Lisboa, 06 fev (Lusa) — O ex-Presidente da República Cavaco Silva apela à responsabilidade dos líderes europeus, admitindo recear, no 25.º aniversário da assinatura do Tratado de Maastricht, a ignorância de alguns em relação “às consequências dramáticas” de uma rutura da união monetária.
Numa declaração escrita enviada à agência Lusa a propósito da passagem dos 25 anos da assinatura do Tratado de Maastricht, Cavaco Silva diz tratar-se de “um dos mais importantes marcos da história da construção europeia”, defendendo que, um quarto de século depois, “as liberdades que são timbre da União devem ser defendidas e proclamadas pelo conjunto das nações europeias, cientes de que a União as faz mais fortes”.
“Espero que os líderes europeus estejam à altura das suas responsabilidades e correspondam, dessa forma, às expectativas dos cidadãos.
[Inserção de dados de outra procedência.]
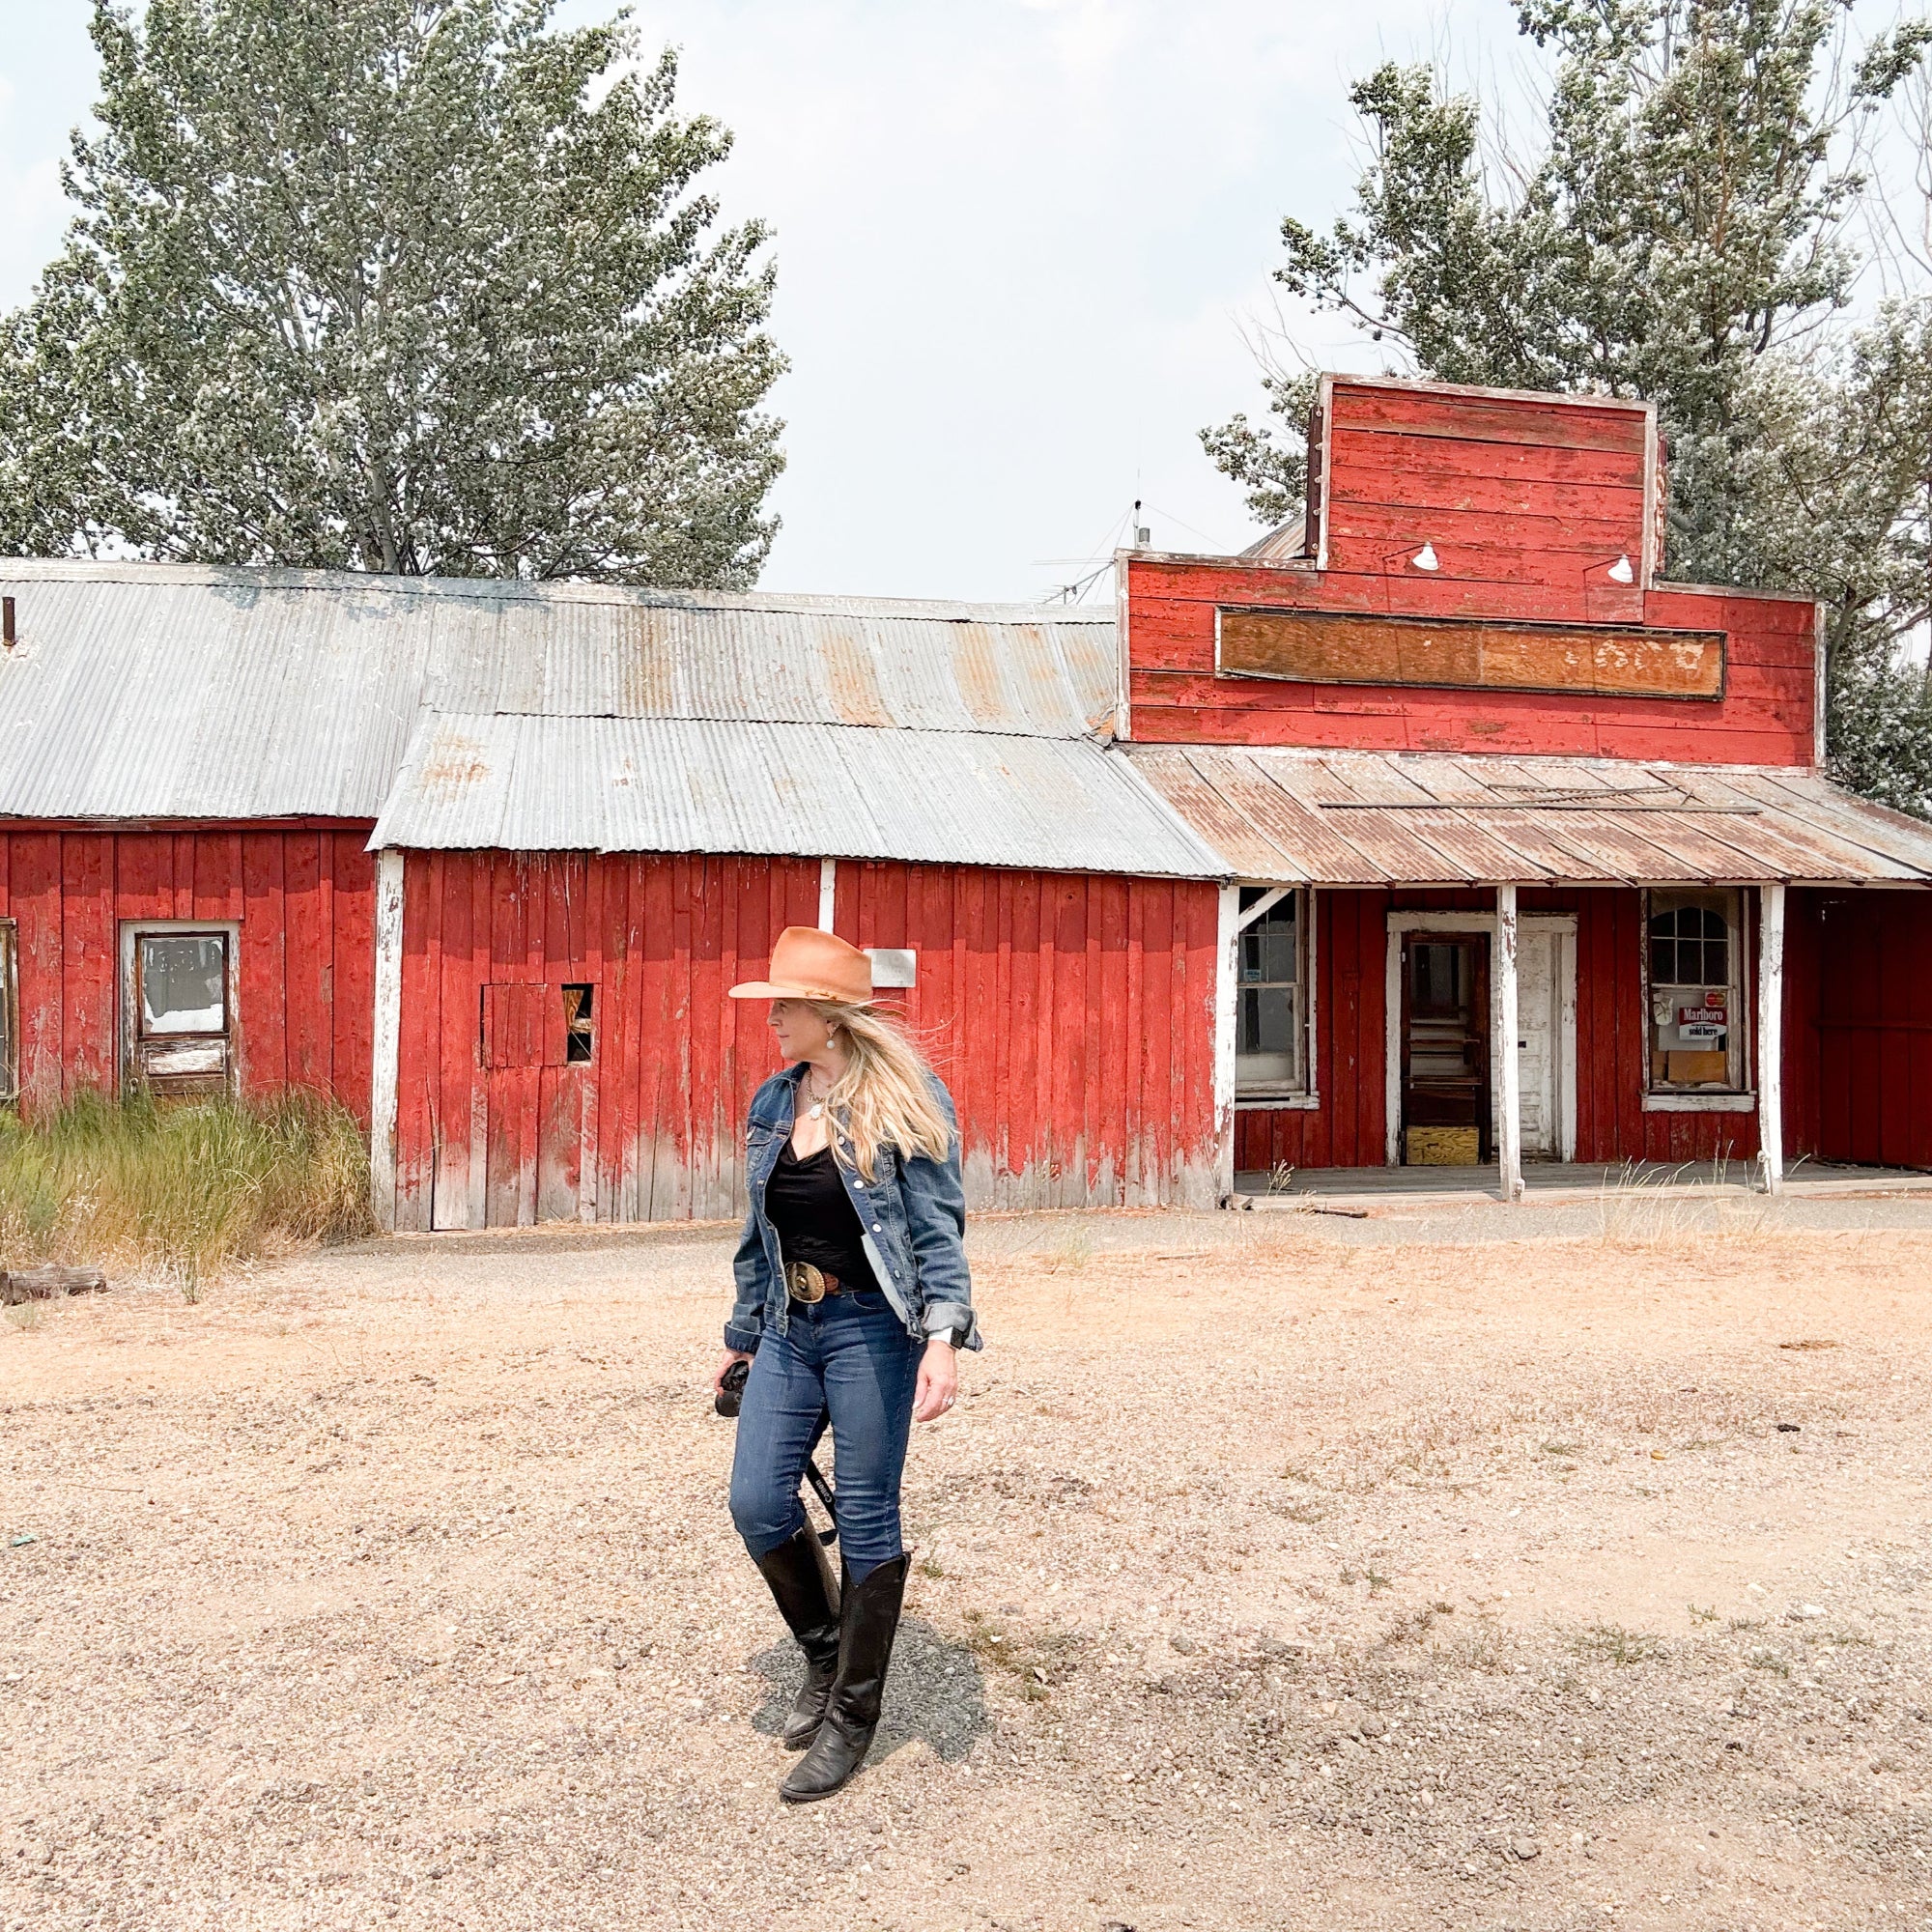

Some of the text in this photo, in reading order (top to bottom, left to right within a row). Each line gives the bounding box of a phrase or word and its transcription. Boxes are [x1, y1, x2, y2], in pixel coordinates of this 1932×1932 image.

[1684, 1008, 1723, 1021] Marlboro
[1689, 1027, 1718, 1036] sold here
[815, 1479, 832, 1503] Canon
Receio, no entanto, a ignorância de alguns deles em relação às consequências dramáticas que uma rutura da união monetária teria na vida dos cidadãos”, sublinha Cavaco Silva, que, a 07 de fevereiro de 1992, presidiu à cerimónia de assinatura do Tratado de Maastricht na qualidade de presidente do Conselho da União Europeia.